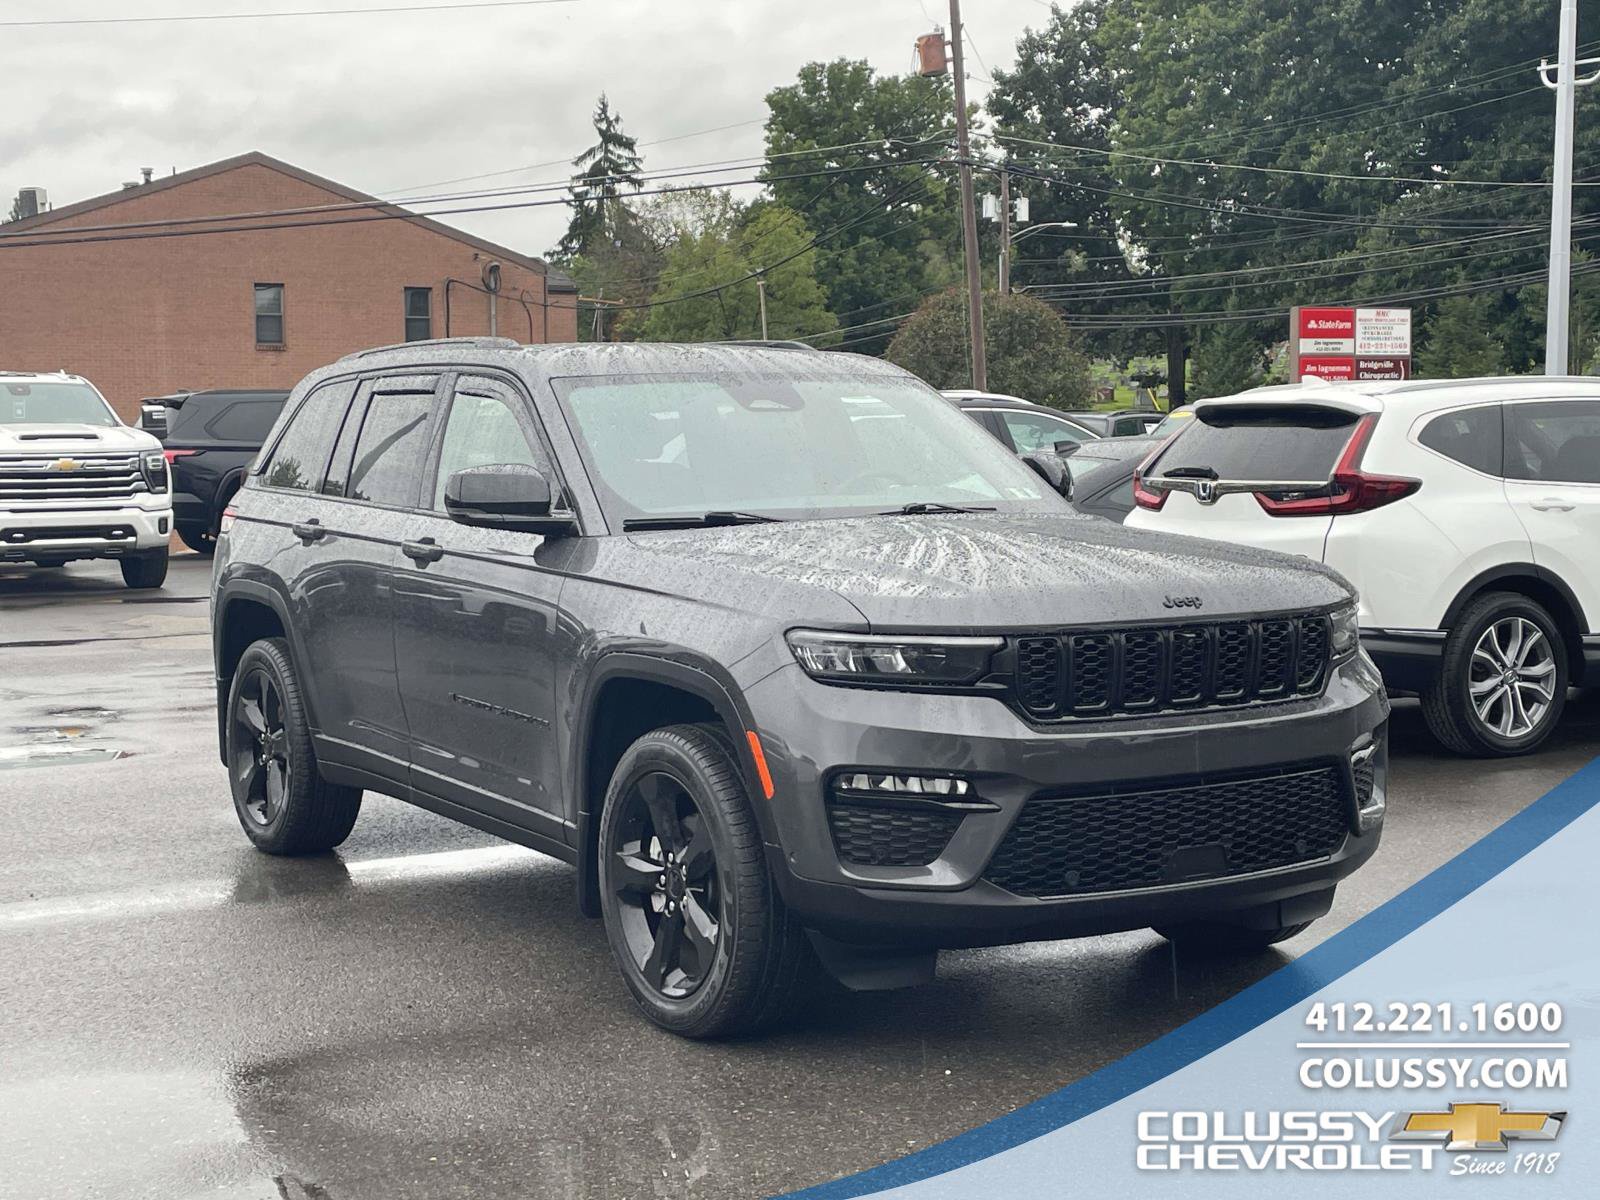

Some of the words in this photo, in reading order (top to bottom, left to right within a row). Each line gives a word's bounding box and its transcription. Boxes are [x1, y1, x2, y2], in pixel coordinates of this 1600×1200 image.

[1305, 364, 1317, 372] Jim
[1360, 360, 1395, 370] Bridgeville
[1360, 371, 1400, 381] Chiropractic
[1162, 595, 1204, 610] Jeep

## Assignment
A word-for-word copy of the listing is needed. It must not include the pictures.

## Final answer
Some of the words in this photo, in reading order (top to bottom, left to right within a row). Each line gives a word's bounding box and its transcription. Boxes are [x1, y1, x2, y2], in pixel coordinates of this 1600×1200 image.

[1305, 364, 1317, 372] Jim
[1360, 360, 1395, 370] Bridgeville
[1360, 371, 1400, 381] Chiropractic
[1162, 595, 1204, 610] Jeep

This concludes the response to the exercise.